Design Patterns – Benefits of Dependency Injection for Common Data Structures

dependency-injectiondesign-patternsobject-oriented

There are plenty of reasons why globals are evil in OOP.

If the number or size of the objects needing sharing is too large to be efficiently passed around in function parameters, usually everyone recommends Dependency Injection instead of a global object.

However, in the case where almost everyone needs to know about a certain data structure, why is Dependency Injection any better than a global object?

Example (a simplified one, to show the point generally, without delving too deep in a specific application)

There is a number of virtual vehicles which have a huge number of properties and states, from type, name, color, to speed, position, etc. A number of users can remote control them, and a huge number of events (both user-initiated and automatic) can change a lot of their states or properties.

The naive solution would be to just make a global container of them, like

vector<Vehicle> vehicles;

which can be accessed from anywhere.

The more OOP-friendly solution would be to have the container be member of the class which handles the main event loop, and be instantiated in its constructor. Every class which needs it, and is member of the main thread, will be given access to the container via a pointer in their constructor.
For example, if an external message comes in via a network connection, a class (one for each connection) handling the parsing will take over, and the parser will have access to the container via a pointer or reference. Now if the parsed message results in either a change in an element of the container, or requires some data out of it to perform an action, it can be handled without the need of tossing around thousands of variables through signals and slots (or worse, storing them in the parser to be later retrieved by the one who called the parser). Of course, all classes which receive access to the container via dependency injection, are part of the same thread. Different threads will not directly access it, but do their job and then send signals to the main thread, and the slots in the main thread will update the container.

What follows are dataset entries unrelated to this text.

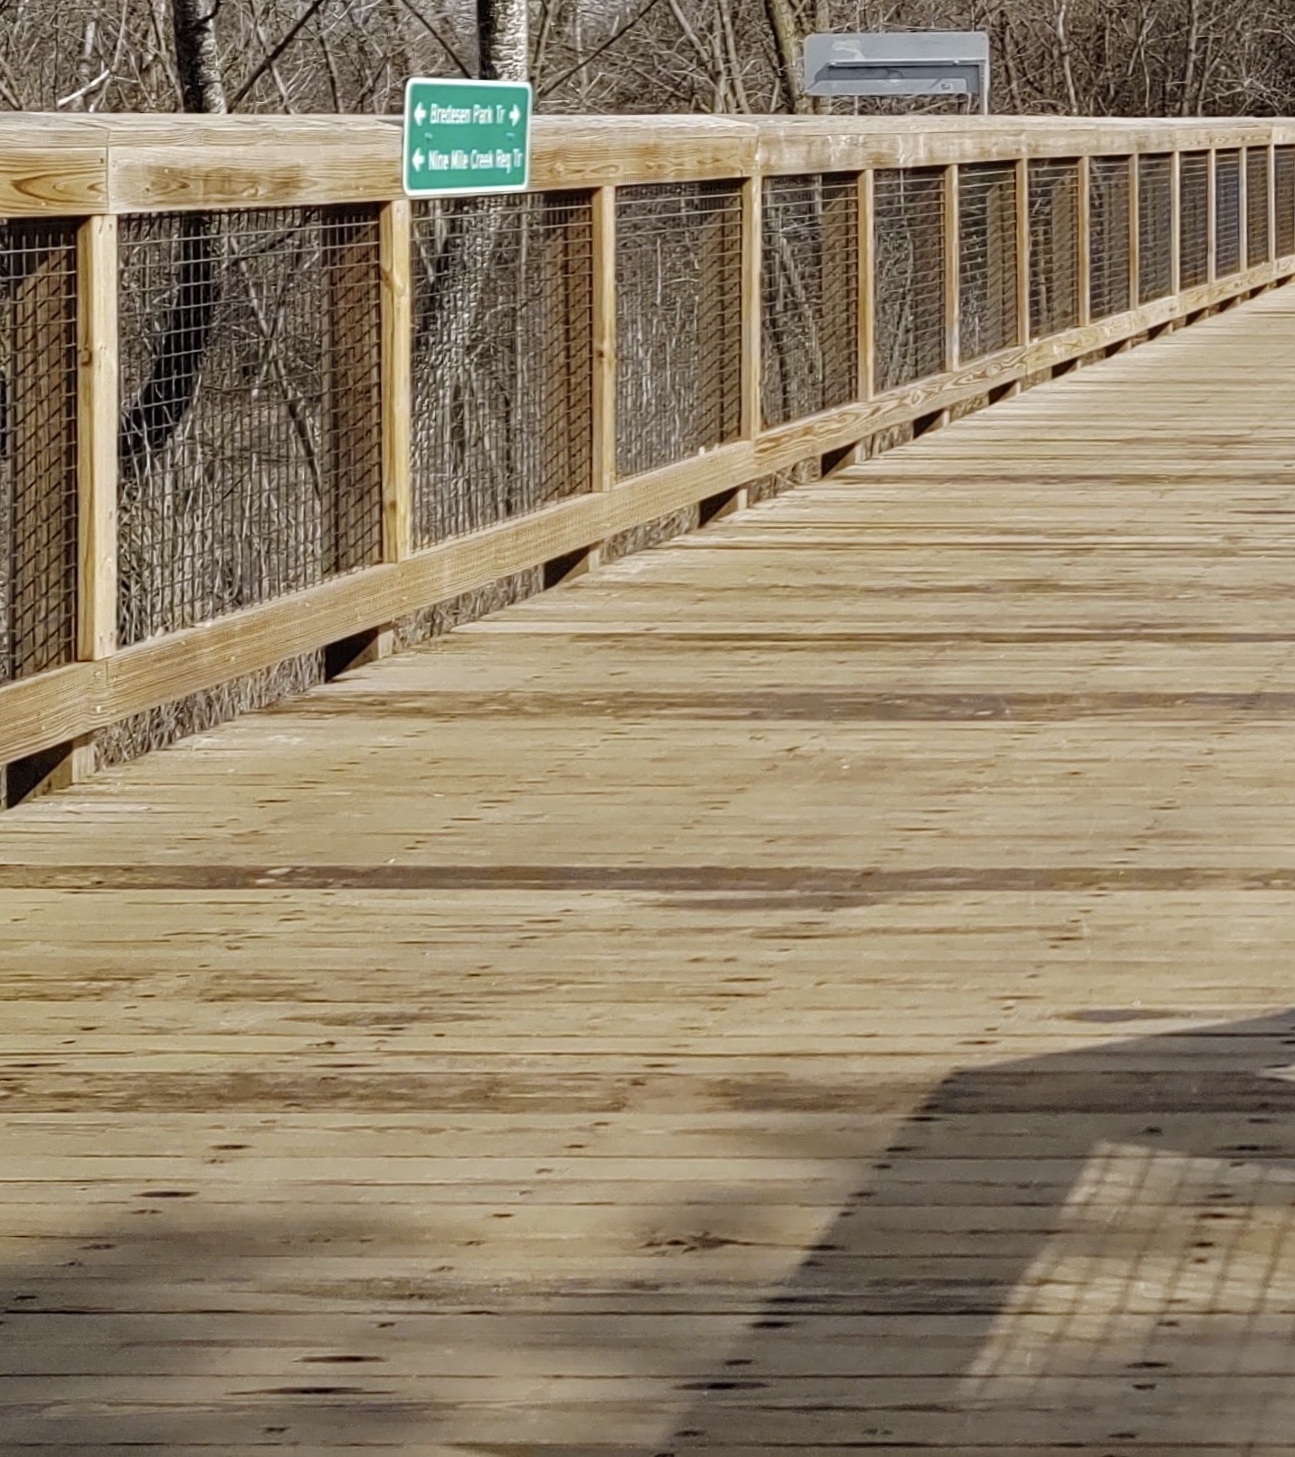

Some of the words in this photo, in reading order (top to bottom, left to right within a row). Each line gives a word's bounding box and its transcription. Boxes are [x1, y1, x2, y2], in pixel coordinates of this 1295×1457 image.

[430, 103, 471, 124] Bredesen
[472, 104, 493, 124] Park
[496, 104, 506, 124] Tr
[428, 150, 449, 170] Nine
[450, 150, 469, 169] Mile
[471, 150, 493, 169] Creek
[496, 150, 511, 174] Reg
[513, 148, 523, 168] Tr
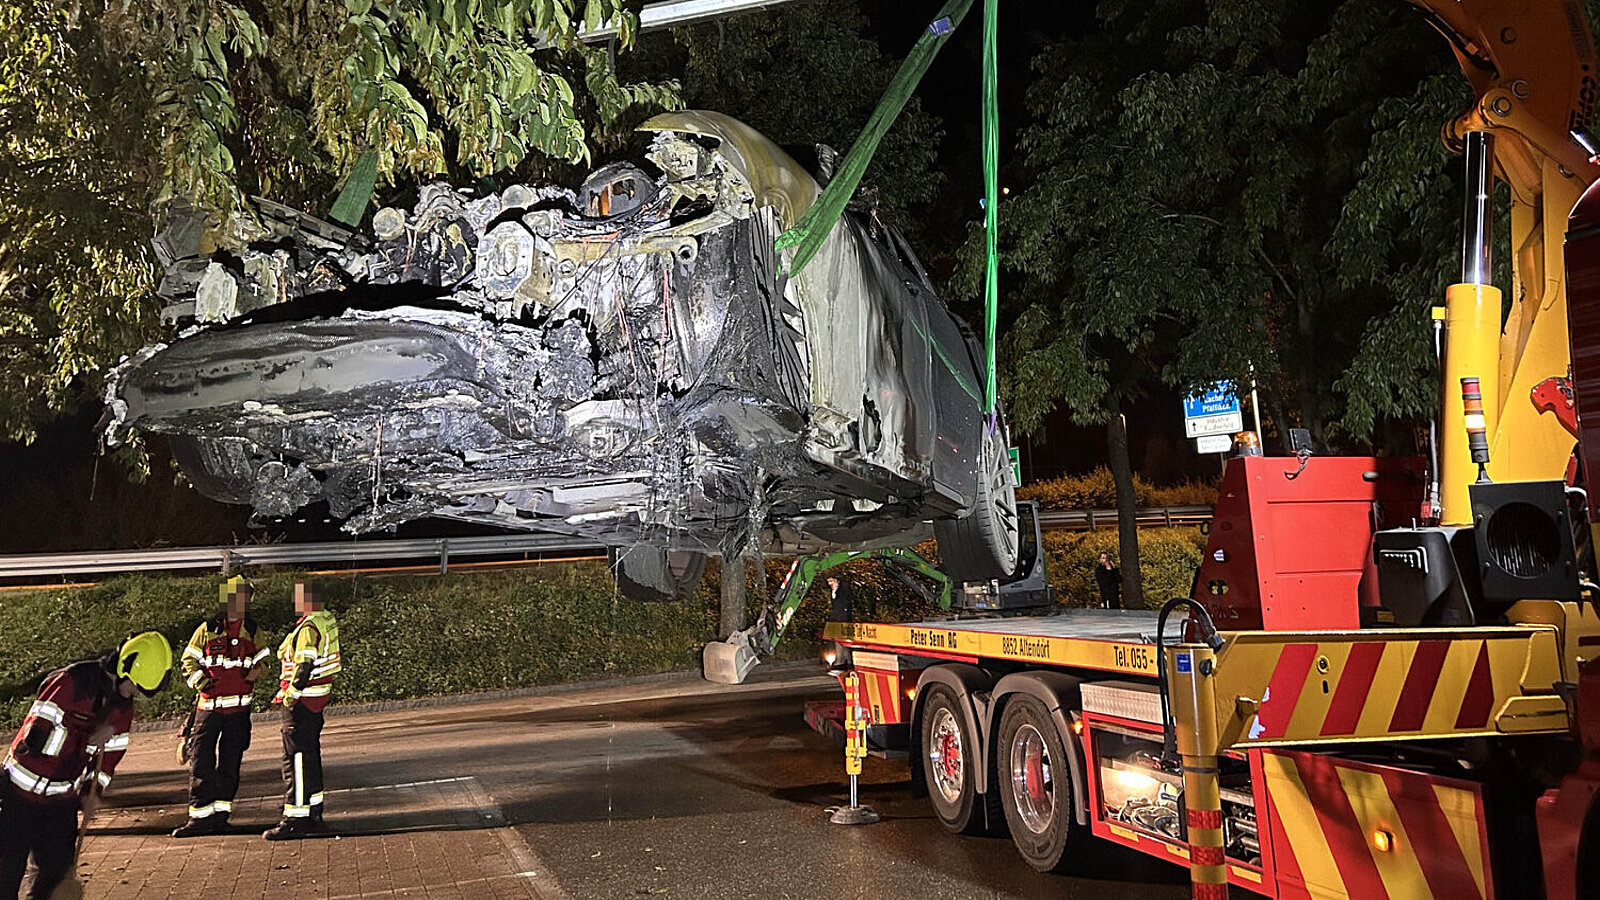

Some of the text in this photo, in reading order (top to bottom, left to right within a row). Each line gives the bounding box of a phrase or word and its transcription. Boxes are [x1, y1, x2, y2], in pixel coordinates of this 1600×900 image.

[910, 629, 928, 645] Peter
[929, 630, 945, 648] Senn
[1002, 637, 1050, 659] 8852 Altendorf

However, if the majority of classes will get access to the container, what makes it really different from a global? If so many classes need the data in the container, isn't the "dependency injection way" just a disguised global?

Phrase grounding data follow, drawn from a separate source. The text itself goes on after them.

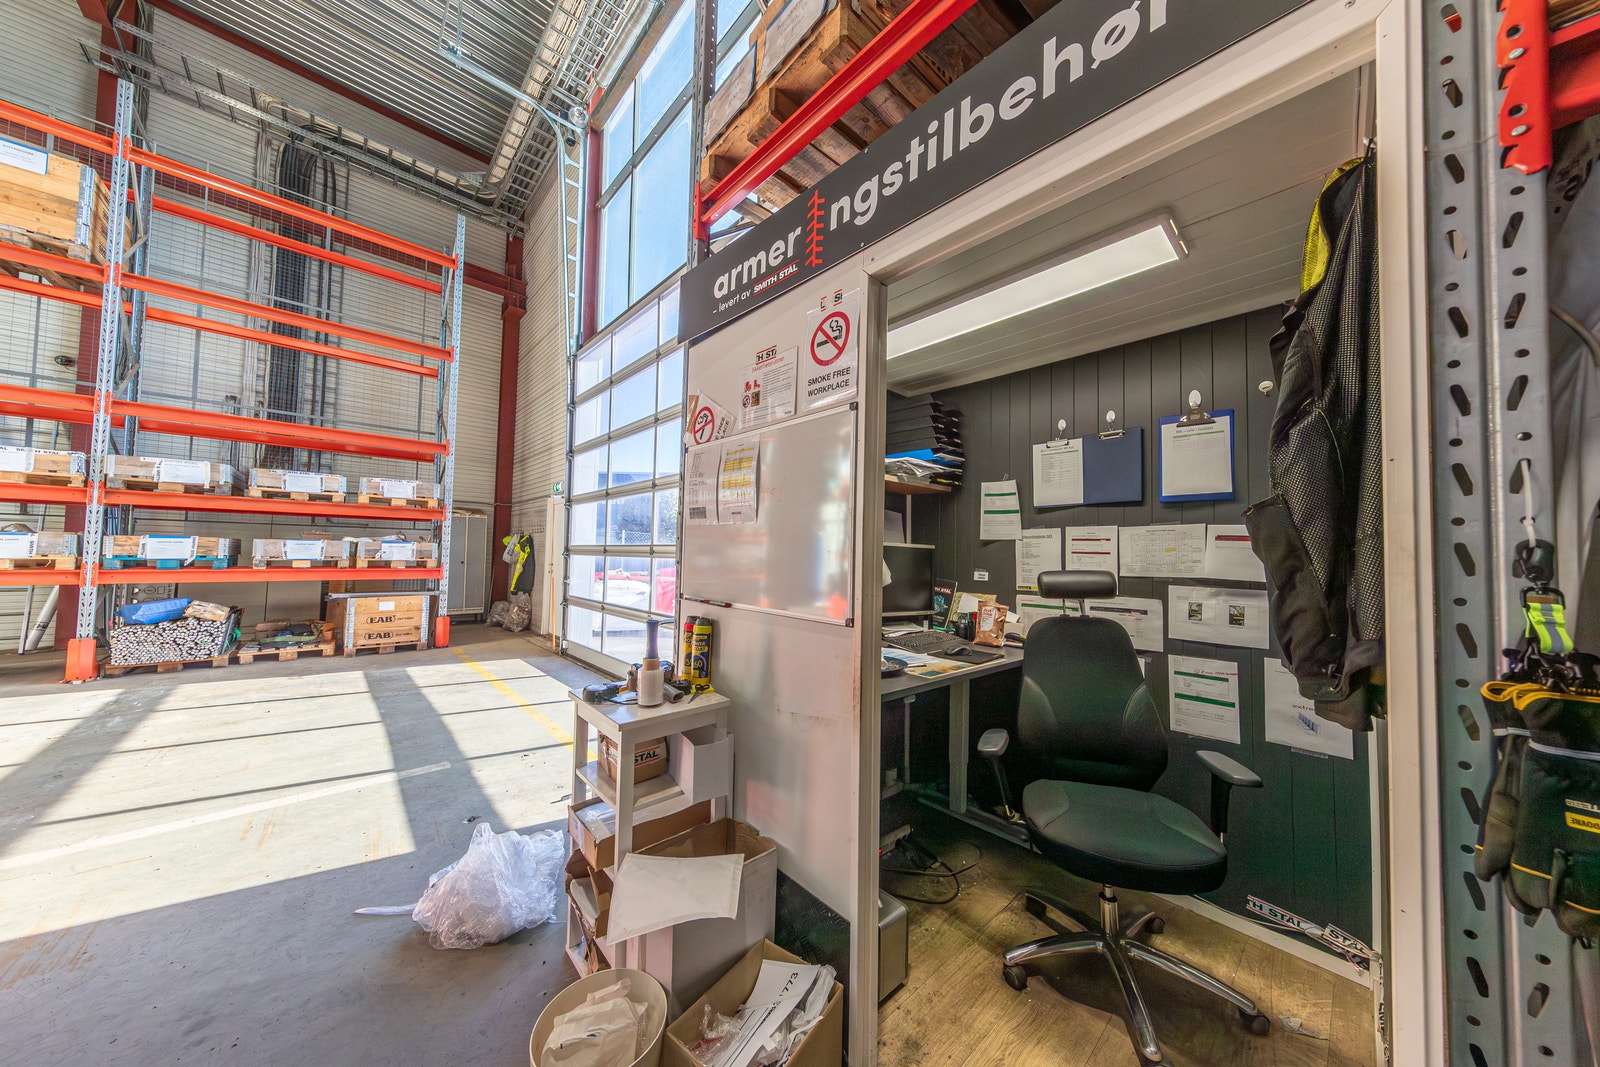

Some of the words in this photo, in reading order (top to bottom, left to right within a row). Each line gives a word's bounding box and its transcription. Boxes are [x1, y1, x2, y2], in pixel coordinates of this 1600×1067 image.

[718, 292, 740, 313] levert
[740, 288, 751, 301] av
[753, 275, 778, 294] SMITH
[808, 373, 831, 387] SMOKE
[832, 366, 851, 379] FREE
[808, 379, 850, 397] WORKPLACE
[370, 616, 393, 624] EAB
[367, 632, 391, 640] EAB

One answer would be thread safety: even though I take care not to abuse the global container, maybe another developer in the future, under the pressure of a close deadline, will nevertheless use the global container in a different thread, without taking care of all the collision cases.
However, even in the case of dependency injection, one could give a pointer to someone running in another thread, leading to the same problems.

Best Answer

in the case where almost everyone needs to know about a certain data structure, why is Dependency Injection any better than a global object?

Dependency injection is the best thing since sliced bread, while global objects have been known for decades to be the source of all evil, so this is a rather interesting question.

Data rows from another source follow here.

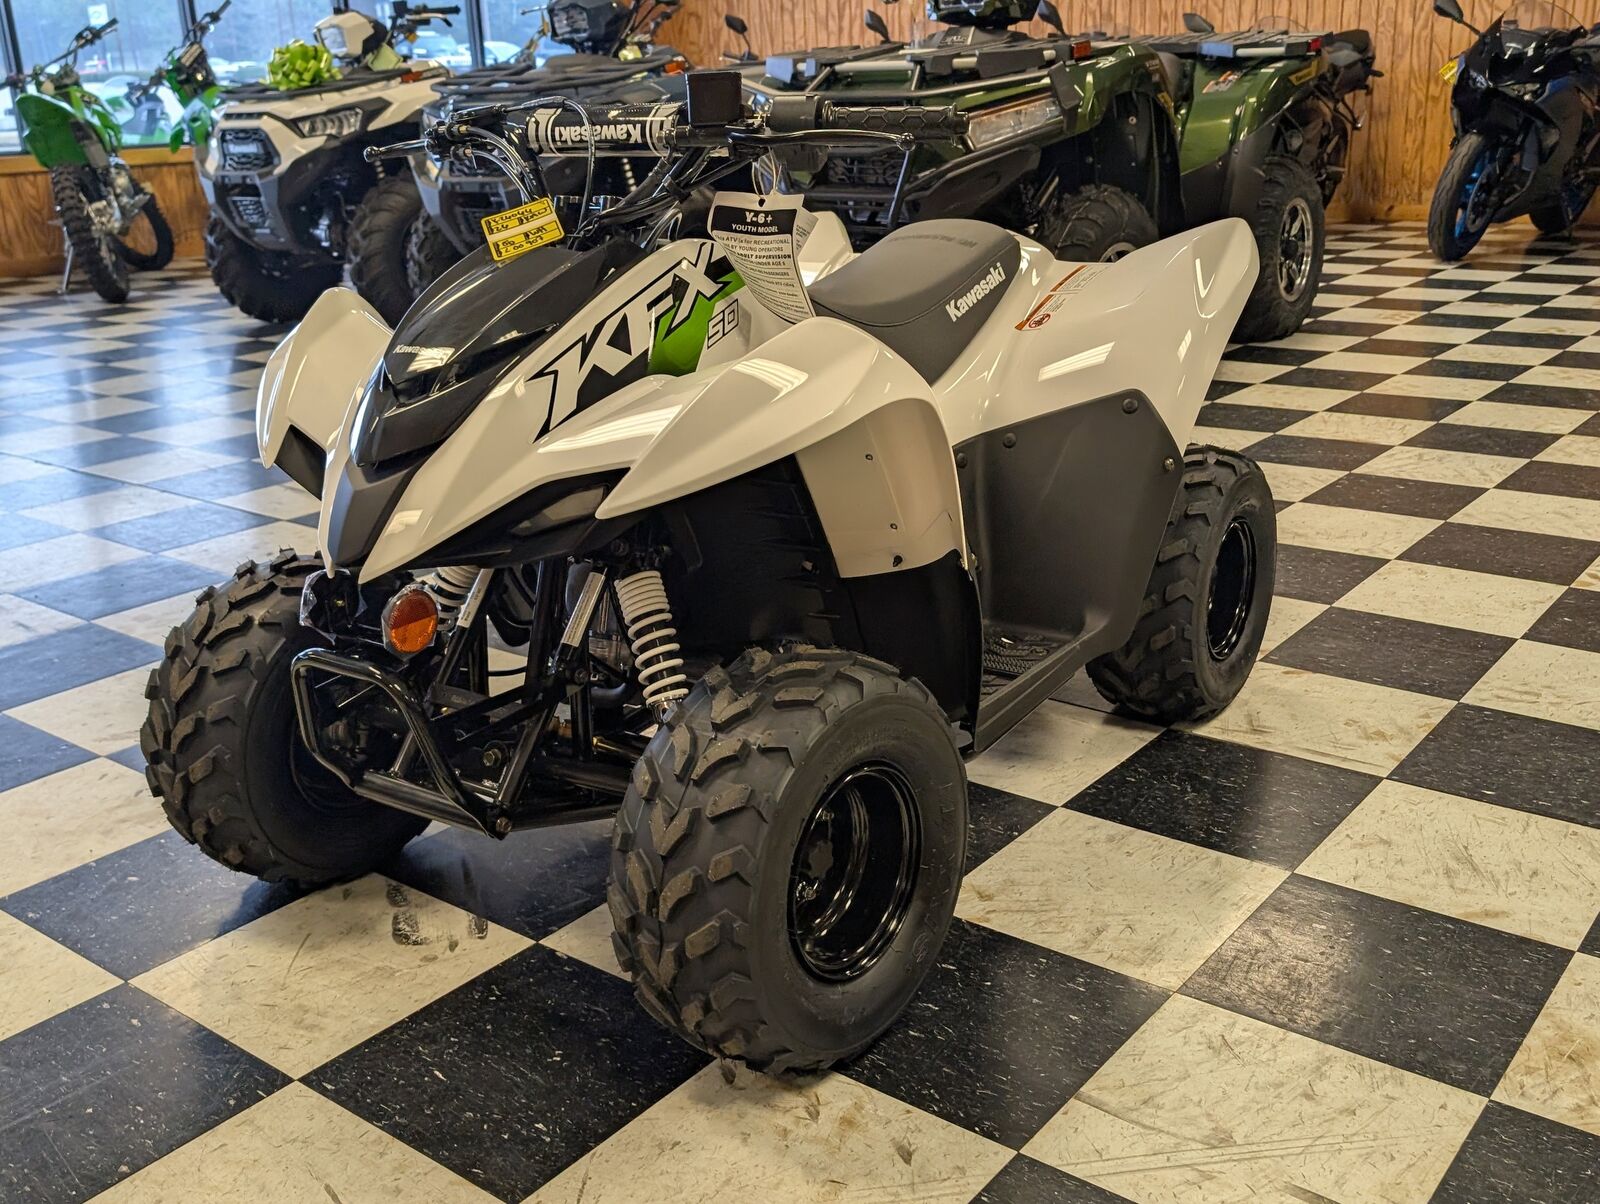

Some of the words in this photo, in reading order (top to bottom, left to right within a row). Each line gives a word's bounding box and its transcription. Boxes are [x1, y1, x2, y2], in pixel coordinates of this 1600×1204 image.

[555, 123, 643, 144] Kawasaki
[732, 223, 757, 233] YOUTH
[745, 211, 773, 224] Y-6+
[945, 262, 1006, 322] Kawasaki
[527, 240, 728, 443] KFX
[707, 299, 739, 350] 50

The point of dependency injection is not simply to ensure that every actor who needs some resource can have it, because obviously, if you make all resources global, then every actor will have access to every resource, problem solved, right?

The point of dependency injection is:

  1. To allow actors to access resources on a need basis, and
  2. To have control over which instance of a resource is accessed by any given actor.

The fact that in your particular configuration all actors happen to need access to the same resource instance is irrelevant. Trust me, you will one day have the need to reconfigure things so that actors will have access to different instances of the resource, and then you will realize that you have painted yourself in a corner. Some answers have already pointed such a configuration: testing.

Another example: suppose you split your application into client-server. All actors on the client use the same set of central resources on the client, and all actors on the server use the same set of central resources on the server. Now suppose, one day, that you decide to create a "standalone" version of your client-server application, where both the client and the server are packaged in a single executable and running in the same virtual machine. (Or runtime environment, depending on your language of choice.)

If you use dependency injection, you can easily make sure that all the client actors are given the client resource instances to work with, while all the server actors receive the server resource instances.

If you do not use dependency injection, you are completely out of luck, as only one global instance of each resource can exist in one virtual machine.

Then, you have to consider: do all actors really need access to that resource? really?

It is possible that you have made the mistake of turning that resource into a god object, (so, of course everyone needs access to it,) or perhaps you are grossly overestimating the number of actors in your project that actually need access to that resource.

With globals, every single line of source code in your entire application has access to every single global resource. With dependency injection, each resource instance is only visible to those actors that actually need it. If the two are the same, (the actors that need a particular resource comprise 100% of the lines of source code in your project,) then you must have made a mistake in your design. So, either

  • Refactor that great big huge god resource into smaller sub-resources, so different actors need access to different pieces of it, but rarely an actor needs all of its pieces, or

  • Refactor your actors to in turn accept as parameters only the subsets of the problem that they need to work on, so they do not have to be consulting some great big huge central resource all the time.